No grande auditório da Cultugest não há cadeiras que esmoreçam a entrega mútua entre artistas de grande craveira e uma assistência “snob”, é certo, mas esclarecida e participativa. Talvez porque há ali um serviço prestado ao público de elevada qualidade (atentos ao mínimo detalhe como a oferta de programas com textos bem escritos e com informação biográfica o mais detalhada possível), talvez por o espaço não ser demasiado grande (como a Aula Magna) e, por isso, facilmente se esgotem as entradas disponíveis, criando-se a fórmula perfeita para uma noite memorável que, numa sala maior, a meia-casa, não seria tão empolgante para um músico. É esta a sala que AMÉLIA MUGE considera ter “a cara” do seu novo e muito bom disco, “Não Sou Daqui”. Ela sabe bem porquê. Nesta noite, a química da Culturgest (semelhante àquele final arrebatador de WALMEMAR BASTOS em que pôs toda a gente de pé a cantar o hino oficial da Selecção de Angola), voltou a pairar no ar, fazendo com a actuação destes nova-iorquinos tenha sido, de longe, a melhor das quatro a que até hoje assisti (Sons em Trânsito em Aveiro, RIR e Sodra Theater em Estocolmo, com CHAVA ALBERTSTEIN, no ido ano de 99).
Apesar de um início algo morno, com baladas (algo melosas) cantadas em Íidiche quebrarem um pouco a selvajaria rítmica imposta pelas danças klezmer de celebração de casamentos da diáspora judaica, tudo correu bem aos KLEZMATICS. Cedo agarraram o público que foi eufórico em crescendo até ao clímax final com o inevitável clássico “Man In The Hat”. É hilariante ver como os metais FRANK LONDON (trompete) e MATT DARRIAU (saxofone) interagem em arrancadas de génio, com avanços e recuos a várias velocidades, desencontros e encontros propositados, como se de um alegre número de circo se tratasse. É fascinante o momento criado a três com o mesmo DARRIAU agora em berimbau, LISA GUTKIN e um violino lancinante, diabólico, com as cordas friccionadas pelo arco até à exaustão e o baterista convidado de toque suave, pleno de pequenos pormenores em levitação zen. Como é notável a forma como LORIN SKLAMBERG eleva a sua agudíssima voz ao infinito enquanto o tom grave de PAUL MORRISETT vai marcando os tempos, como se de uma linha de baixo se tratasse. Pormenores envoltos na apresentação de um repertório tão marcadamente klezmer, quanto ecléctico na forma como é contaminado por ska, punk, soul, ritmos afro-caribenhos, metais ciganos de leste, transe do médio-oriente.

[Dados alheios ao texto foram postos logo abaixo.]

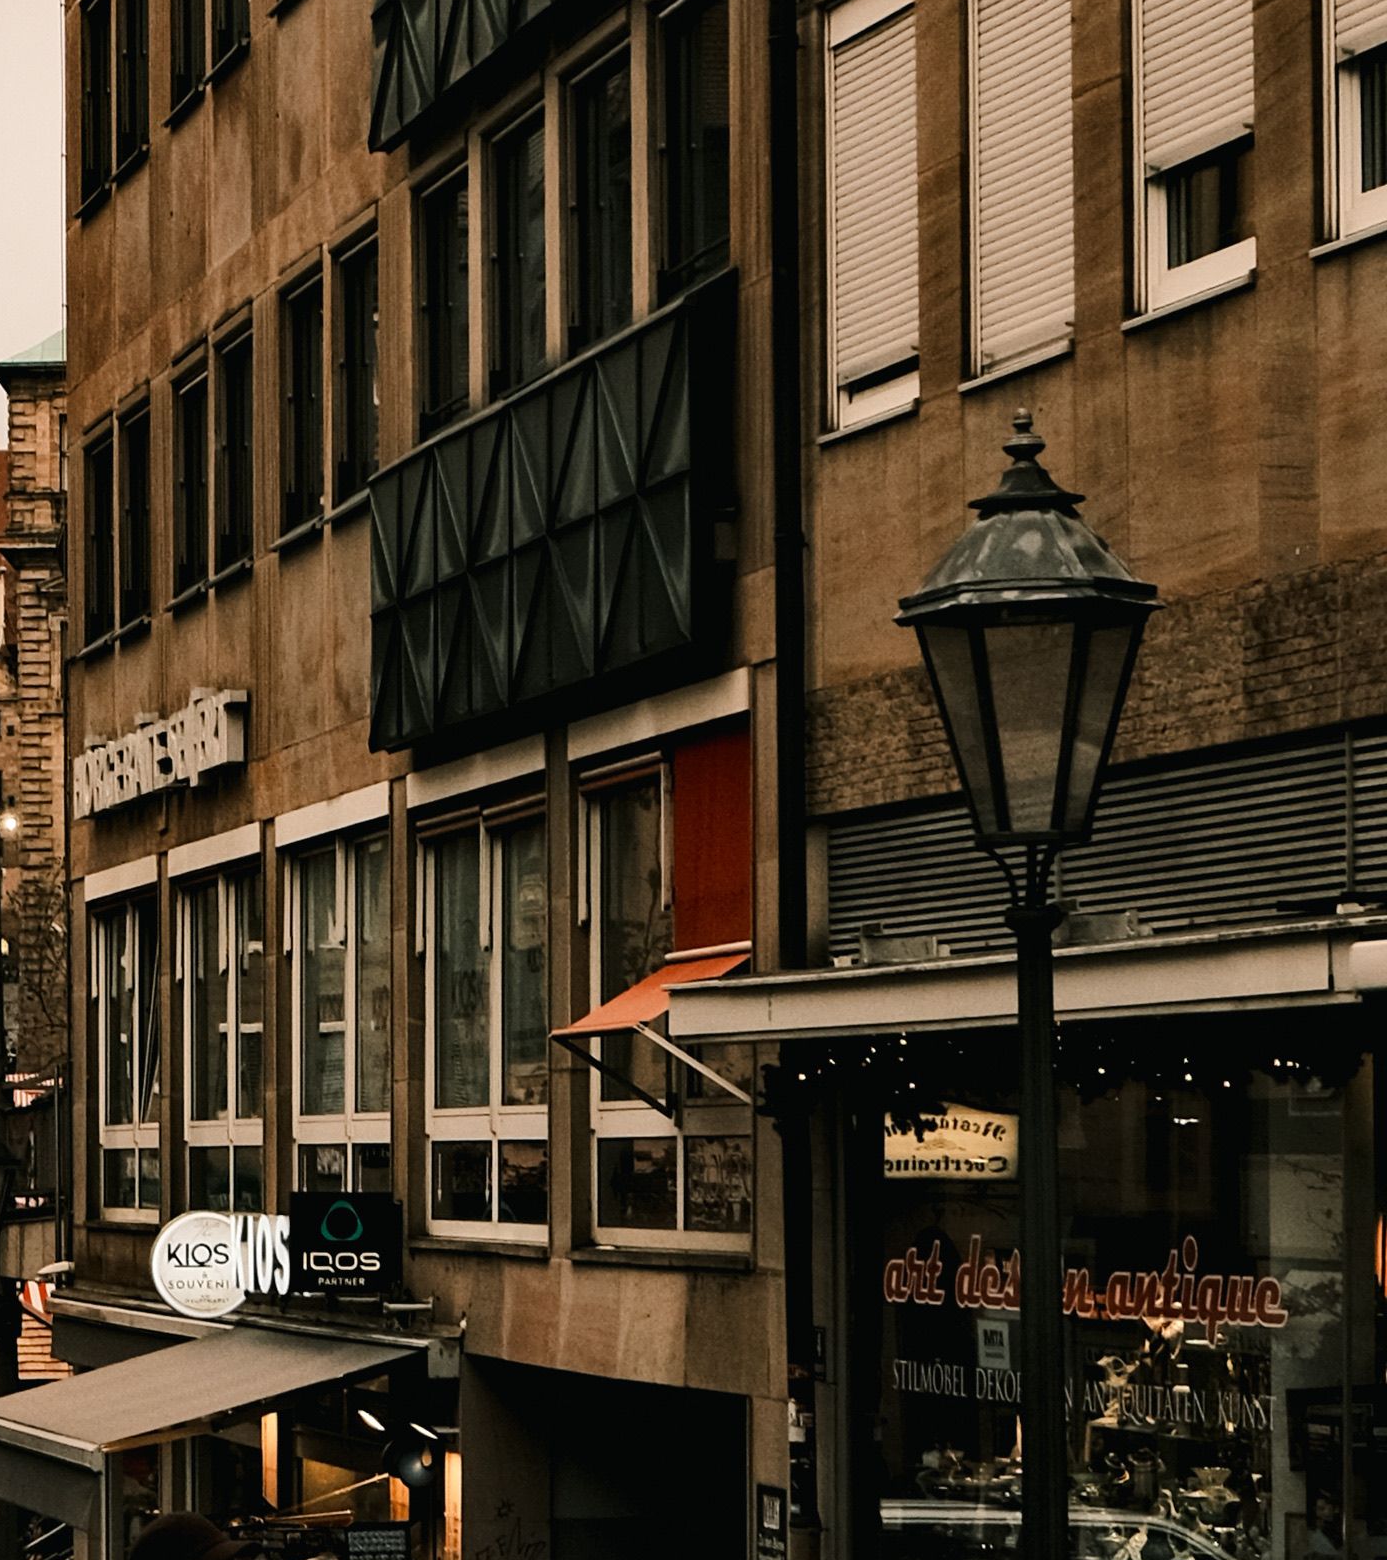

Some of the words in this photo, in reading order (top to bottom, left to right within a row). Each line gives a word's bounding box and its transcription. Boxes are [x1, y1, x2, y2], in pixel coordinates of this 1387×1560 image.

[168, 1243, 229, 1267] KIOS
[230, 1214, 290, 1296] KIOS
[303, 1251, 381, 1273] IQOS
[168, 1280, 230, 1290] SOUVENI
[318, 1277, 366, 1287] PARTNER
[884, 1239, 946, 1306] art
[955, 1234, 1095, 1318] desn
[1106, 1234, 1289, 1349] antique
[892, 1357, 968, 1398] STILMÖBEL
[1217, 1390, 1277, 1431] KUNST
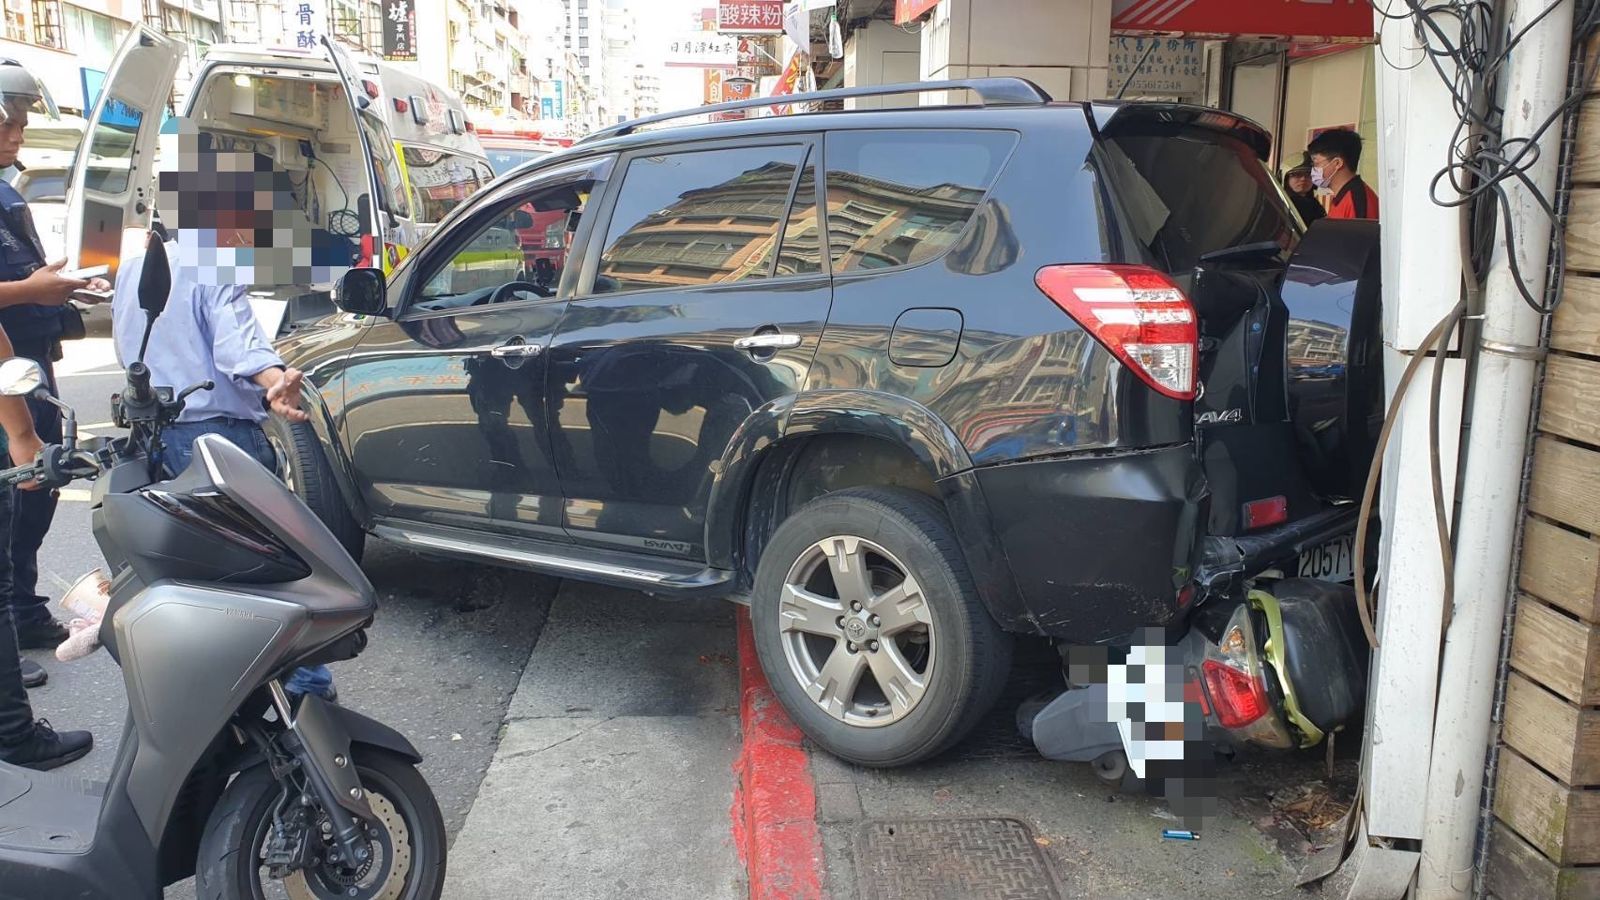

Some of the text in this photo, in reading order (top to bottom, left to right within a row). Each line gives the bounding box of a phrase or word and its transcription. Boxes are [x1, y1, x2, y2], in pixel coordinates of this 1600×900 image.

[296, 3, 317, 49] 骨酥
[719, 3, 783, 26] 酸辣粉
[1194, 408, 1242, 424] AV4
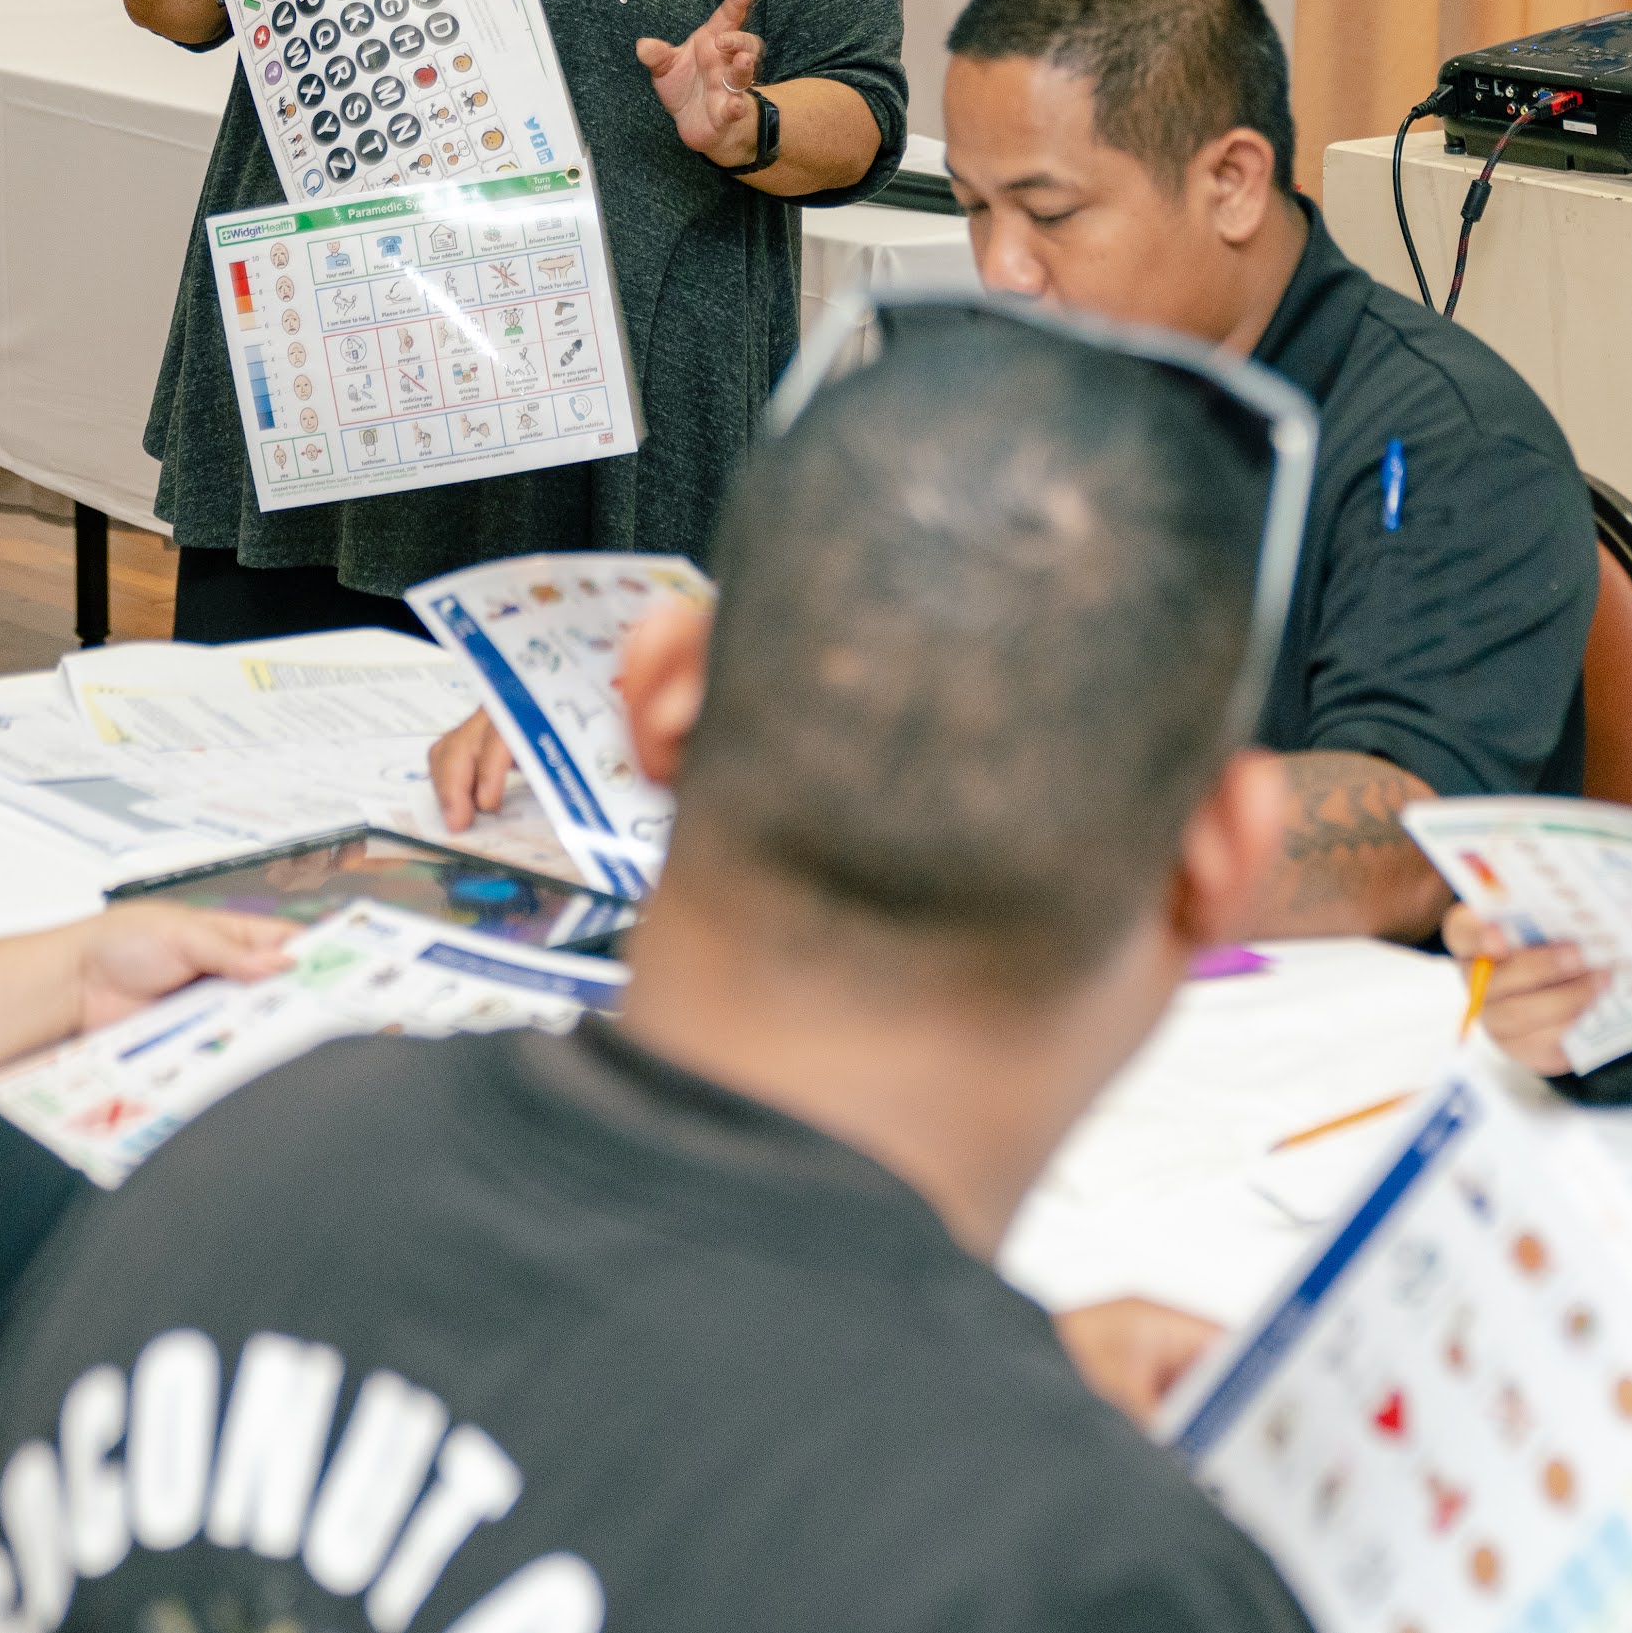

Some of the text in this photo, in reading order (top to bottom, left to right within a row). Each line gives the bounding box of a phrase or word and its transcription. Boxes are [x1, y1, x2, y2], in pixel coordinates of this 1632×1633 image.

[532, 176, 551, 185] Turn
[347, 201, 403, 220] Paramedic
[229, 219, 295, 241] WidgitHealth
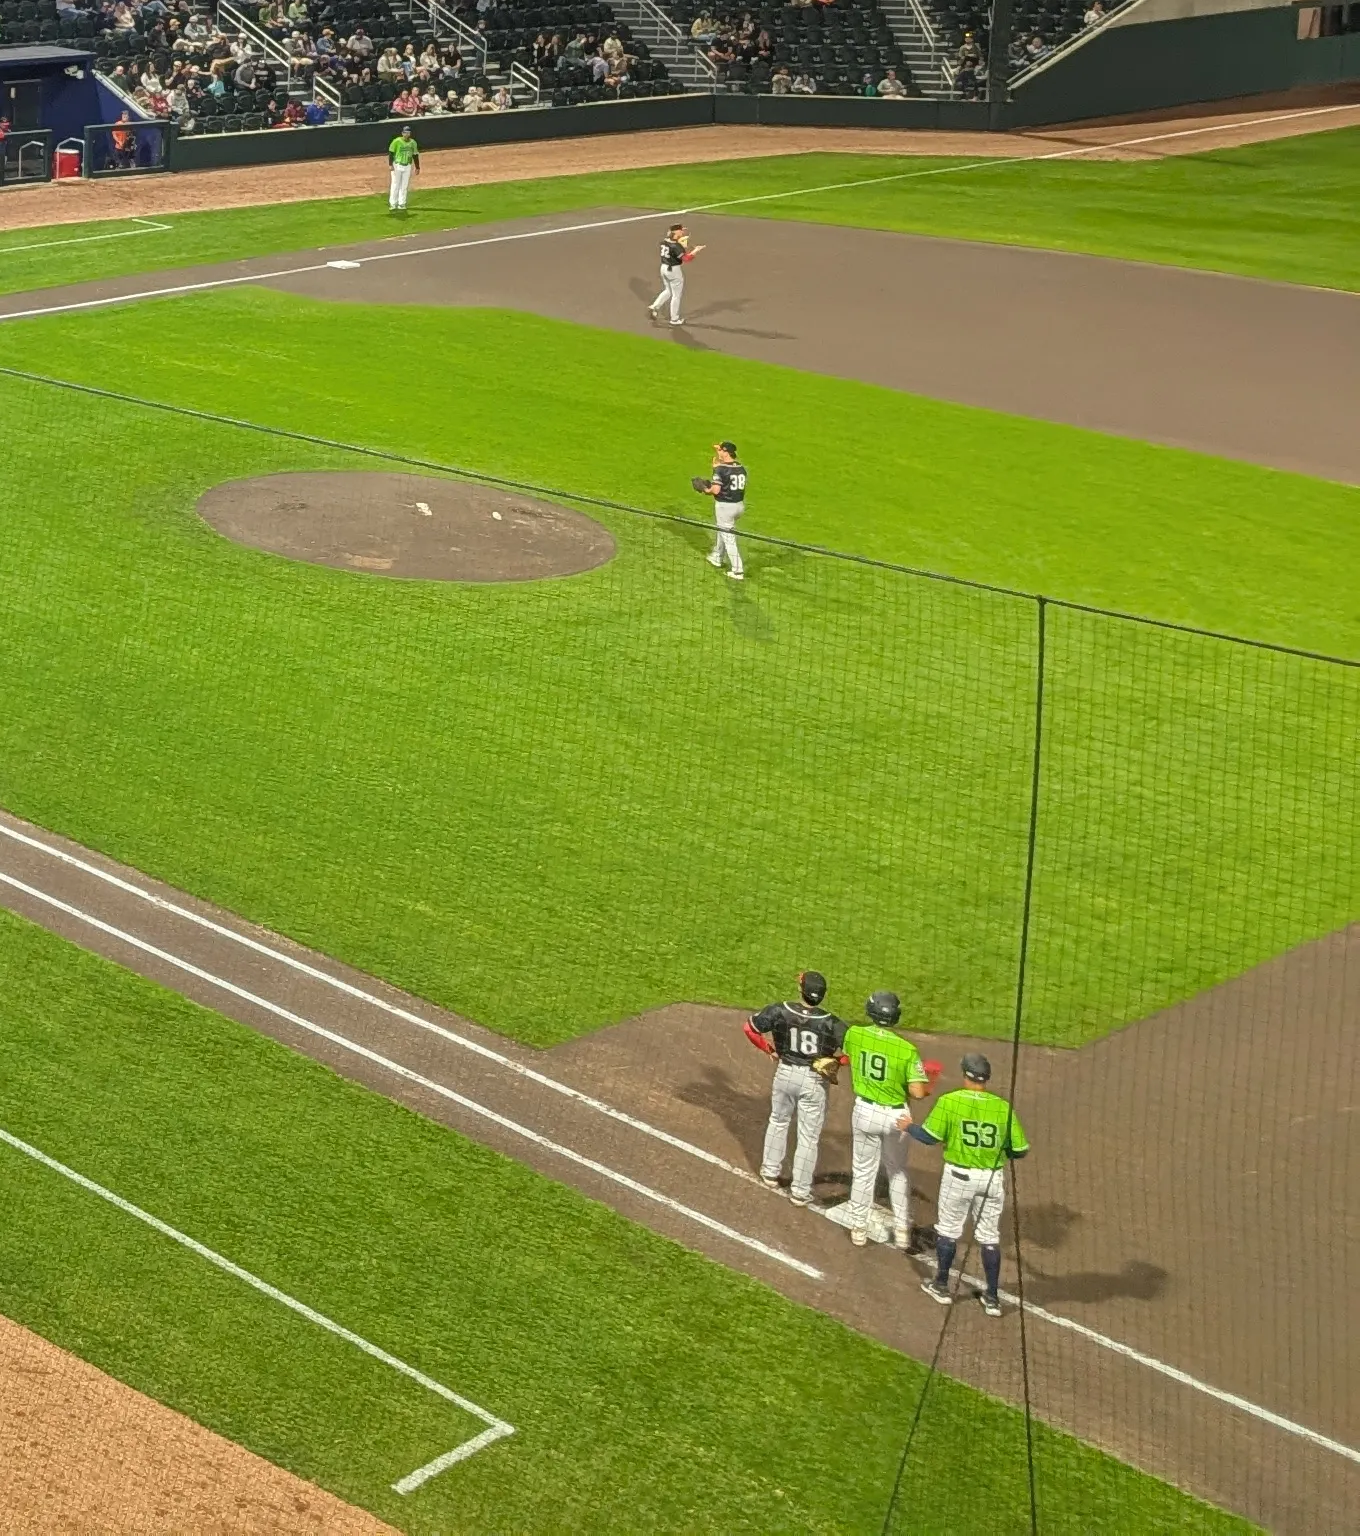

Num espectáculo comemorativo de duas décadas de existência, houve também breves passagens pela mais recente obra dedicada em exclusivo à poesia de WOODY GUTHRIE (que será apresentado ao vivo pela primeira vez na Europa, daqui por uns dias, no festival escocês Celtic Connections). A uma canção mais enraizada na tradição country / folk americano – “Gonna Get Through This World” cantada por LISA (bem melhor no violino) sucede-se um pérola orelhuda da pop nostálgica dos anos 50 – “Mermaid Avenue”, acabando os KLEZMATICS por nos deixar o desejo de os voltarmos a ver por cá, agora para interpretar as canções de “Wonder Wheel”.